AK Parti iktidarının ilk bütçesi yapılırken, fakir fukaranın rahat etmesi, biraz soluklanması bekleniyordu. Birkaç işyeri açılacak, işsizler iş bulacak diye sevinenler vardı.
Bakıyoruz Anayasamız’a. 73. Maddede verginin nasıl alınacağı anlatılmış. Herkesin gücü oranında vergi vermesi gerekiyor eğer Anayasa’ya uyulursa.
Bu bizim Anayasa uyulmak için değil kafaya atılmak üzere hazırlandığı için 73. Maddeye kimse dikkat etmemiş.
Emeklisin. Bir ev edinmişsin 30 yıl boyunca çalışarak. İçinde oturduğun için vergiden muafsın. Ama eger ıkına sıkına ek gelir getirsin diye mütevazı bir daire daha alabilmiş ve de kiraya vermişsen yandın ki ne yandın. Devlet seni zengin sınıfına, yani güçlüler arasına sokuyor ve ek emlak vergisi istiyor.
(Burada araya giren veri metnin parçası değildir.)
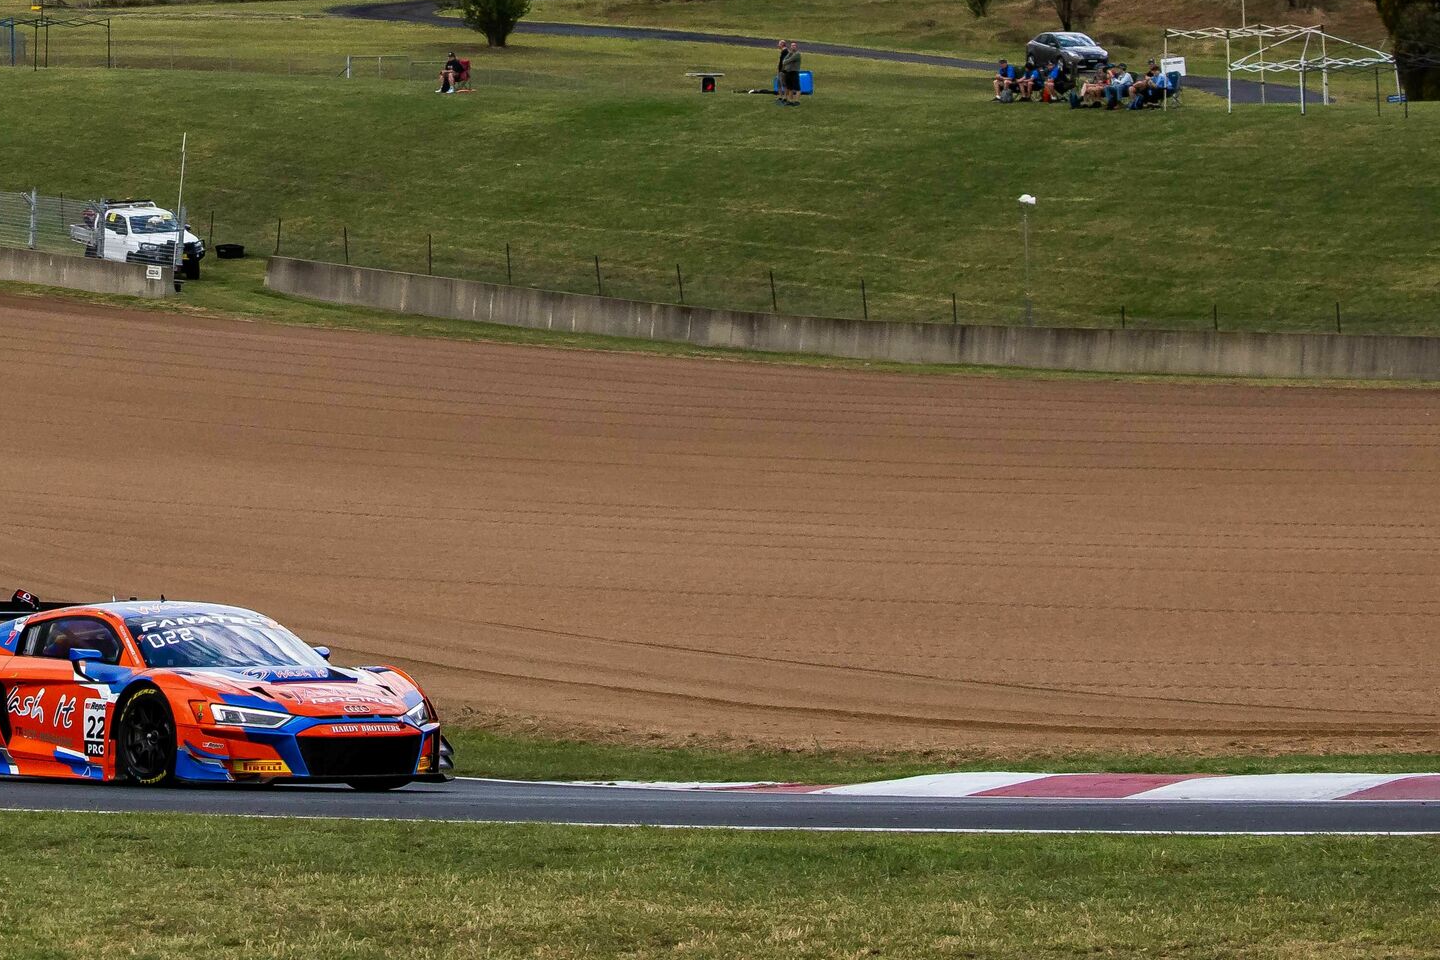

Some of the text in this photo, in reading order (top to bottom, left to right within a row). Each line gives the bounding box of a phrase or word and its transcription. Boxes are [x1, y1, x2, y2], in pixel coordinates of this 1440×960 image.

Ama trilyonluk hazina bonon varsa, 10 milyon doların bankada kuzu kuzu yatıyorsa, 1 trilyonuluk fonun yılda sana 300 milyar gelir getiriyorsa... vergi vermene gerek yok. Bunlar zengin sınıfında yer almıyorlar.
Getirilen vergi nedeni savaş değil. Zaten Maliye Bakanı Unakıtan “Vergiye ad koymayın” diyor. Bunu bir kesimin fekakârlık vergisi sayıyor.
Zaten vergi teskereden önce hazırlanmış. Savaşla ilgisi yok.
Osmanlı döneminde, bitmeyen savaş yüzünden askere gönderdiği çocuklarının tümünün şehit olmasına değil de padişaha kızan babanın hazin durumunu gel de yazma. Sonunda tekne kazıntısı oğlu askere çağrılan acılı baba sonunda isyan etmiş: “Padişahıma söyleyin, benim zürriyetine güvenip öyle zırt-pırt savaş çıkarmasın!”
Eee yani, şu anda riski var ama ortada savaş yok, yeni bir kriz yok , Allah korusun deprem olmamış.
Fakir fukaraya yüklenip ülke yönetimine talip olmak kolay.
İnsaf yani, fakir fukaraya da çok güvenilmesin yani.